Rep. Brian Fitzpatrick, R-Pa., said Wednesday that "sweeping exclusions from collective bargaining are a blunt instrument that risk weakening the very stability and performance we aim to strengthen."

Rep. Brian Fitzpatrick, R-Pa., said Wednesday that "sweeping exclusions from collective bargaining are a blunt instrument that risk weakening the very stability and performance we aim to strengthen." Tom Williams / Getty Images

Pro-labor Republicans push Trump to rescind order busting most federal unions

House lawmakers on Wednesday introduced bipartisan legislation to nullify President Trump’s executive order stripping two-thirds of the federal workforce of their collective bargaining rights.

President Trump’s controversial decision last week to sign an executive order stripping hundreds of thousands of federal employees of their collective bargaining rights has drawn the ire of even some House Republicans.

Trump’s order, which cites a rarely used provision of the 1978 Civil Service Reform Act to exclude agencies and agency subcomponents from federal labor law under the guise of national security—despite decades of successful labor-management relationships in both peace and wartime and several implicated agencies’ tenuous at best connection to national security. The edict effectively denies union representation to two-thirds of the federal workforce and three-quarters of feds who are already part of a union bargaining unit.

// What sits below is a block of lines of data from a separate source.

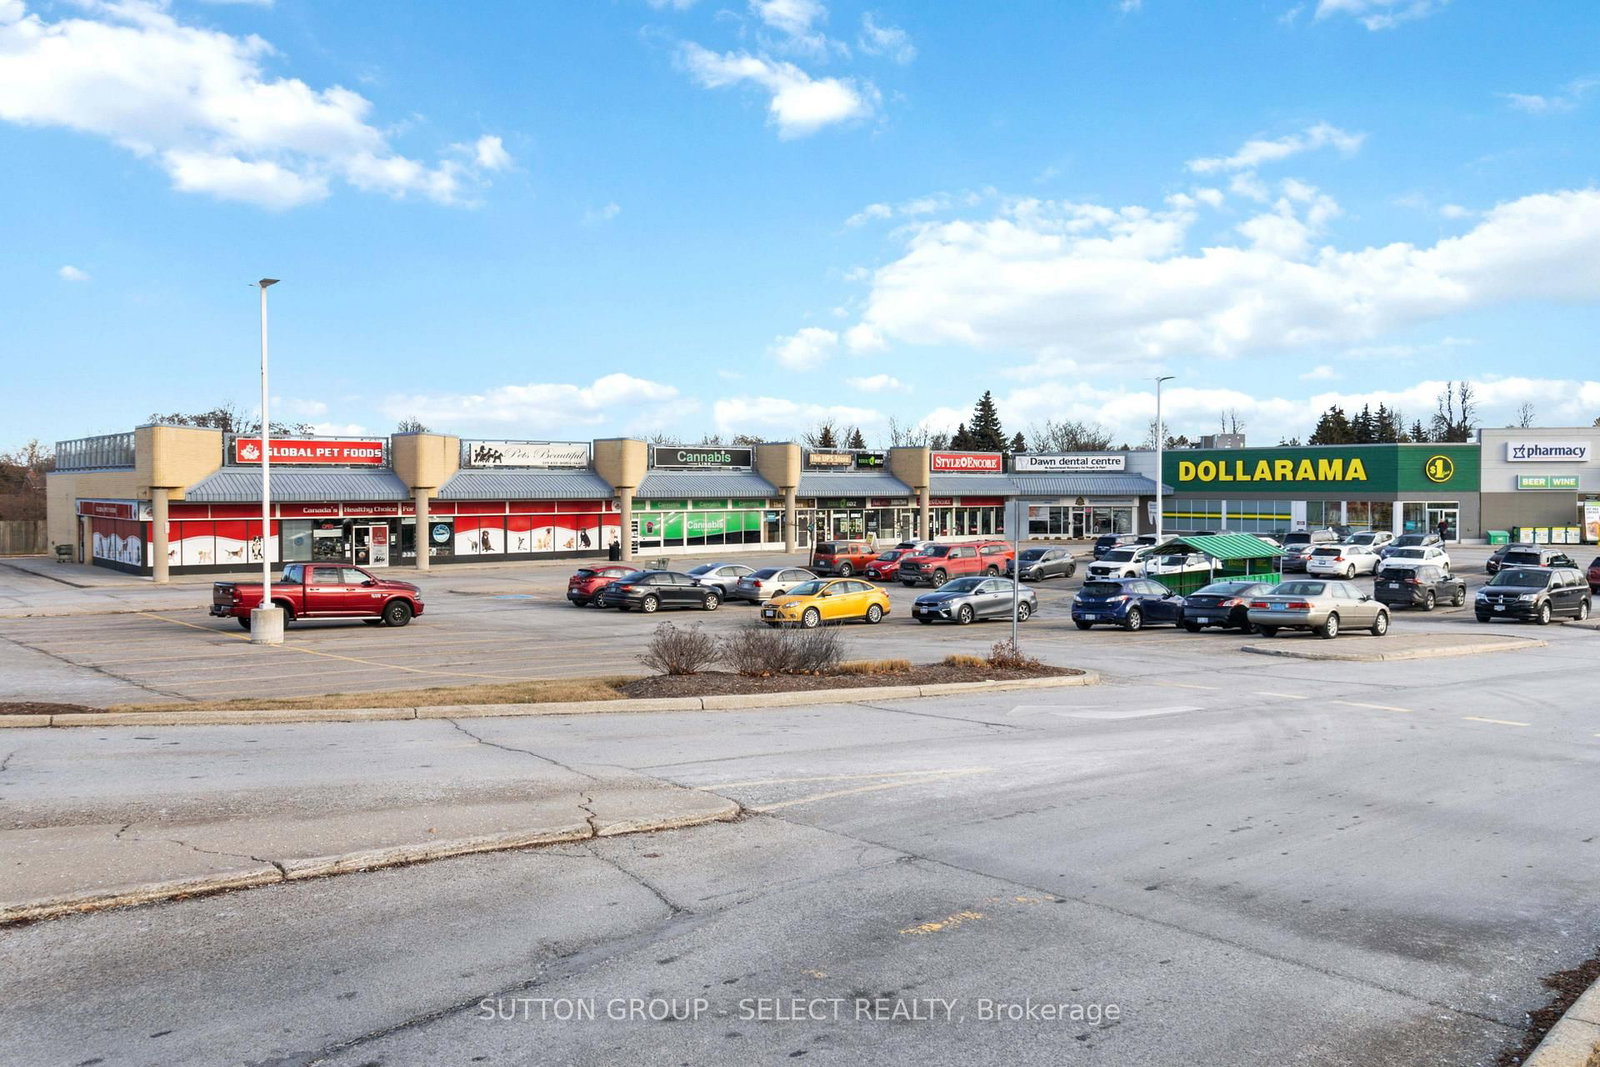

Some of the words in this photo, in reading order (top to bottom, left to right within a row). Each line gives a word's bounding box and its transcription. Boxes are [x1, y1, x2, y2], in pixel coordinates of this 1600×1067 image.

[268, 447, 314, 458] GLOBAL
[317, 448, 340, 459] PET
[344, 449, 382, 460] FOODS
[533, 449, 586, 460] Beautiful
[677, 450, 732, 463] Cannabis
[1527, 444, 1586, 459] pharmacy
[1030, 457, 1056, 466] Dawn
[1059, 457, 1088, 466] dental
[1091, 458, 1121, 466] centre
[1178, 458, 1367, 482] DOLLARAMA
[1522, 478, 1546, 486] BEER
[1552, 478, 1577, 486] WINE
[303, 506, 338, 514] Canada's
[344, 506, 373, 515] Healthy
[374, 505, 398, 513] Choice
[687, 520, 724, 530] Cannabis

As labor groups prep for a protracted legal battle over the edict, a group of eight pro-labor House Republicans, led by Rep. Brian Fitzpatrick, R-Pa., on Wednesday urged the president to reverse course.

“Applying this exemption widely across agencies such as the General Services Administration, the Federal Communications Commission, the Social Security Administration and the Department of Health and Human Services could unintentionally affect government efficiency and employee morale,” the group wrote. “Collective bargaining in these agencies has traditionally played a positive role by providing a structured channel for communication and addressing employee concerns, which ultimately supports a more productive and stable workforce and thereby promotes national security.”

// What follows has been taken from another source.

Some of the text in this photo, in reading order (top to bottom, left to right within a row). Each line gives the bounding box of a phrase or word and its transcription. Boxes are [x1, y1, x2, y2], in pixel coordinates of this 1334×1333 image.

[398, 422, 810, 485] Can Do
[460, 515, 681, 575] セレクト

The lawmakers also criticized Homeland Security Secretary Kristi Noem’s decision last month to strip the Transportation Security Administration workforce of its collective bargaining rights, noting that the advent of unions at the agency caused performance, employee morale and retention to “improve substantially.”

Fitzpatrick and Rep. Jared Golden, D-Maine, also introduced legislation Wednesday that would “nullify” Trump’s anti-union edict. The Protect America’s Workforce Act, cosponsored by Reps. Donald Norcross, D-N.J., Nick LaLota, R-N.Y., Mark Pocan, D-Wisc., Michael Turner, R-Ohio, Debbie Dingell, D-Mich., and Michael Lawler, R-N.Y., voids the executive order and bars the administration from spending federal funds to implement it.

The measure also guarantees that any collective bargaining agreement between a federal agency and its workforce that was in effect as of last week “shall have full force and effect through the stated term of the applicable agreement.”

“Improving government efficiency is essential—but sweeping exclusions from collective bargaining are a blunt instrument that risk weakening the very stability and performance we aim to strengthen,” Fitzpatrick said in a statement. “The Protect America’s Workforce Act restores a balanced, targeted approach—protecting bargaining rights where they pose no threat to national security and reinforcing their proven role in supporting morale, accountability and effective governance. We can defend our national security without silencing those who serve it.”

“In his order, President Trump said that federal workers’ rights are incompatible with national security. He is wrong,” Golden said. “Union workers make America stronger every single day, including more than 6,000 federal workers in Maine. Throughout our history, unions have ensured workers got their fair share of this nation’s prosperity. Unions built our middle class and are key to strengthening its future.”

On Thursday, the entire Democratic caucus in the Senate sent their own letter to the president, demanding that he rescind the collective bargaining edict.

“This executive order, which ruthlessly strips collective bargaining agreements for over 1 million federal workers, is the most recent attack your administration has levied against our merit-based civil service in the effort to cut the workforce and replace them with political cronies,” they wrote. “While the CSRA does give the president the authority to limit collective bargaining agreements due to national security concerns, the executive order’s direction to terminate mass swaths of federal employee collective bargaining agreements is clearly intended to broadly dismantle the CSRA, which is specifically designed to grant federal employees the right to collective bargaining as a means to resolve workplace issues while maintaining the smooth functioning of government operations.”

Sen. Susan Collins, R-Maine, who in 2020 sent a letter to Trump warning him not to strip Defense Department workers of their collective bargaining rights, did not respond to a request for comment last week.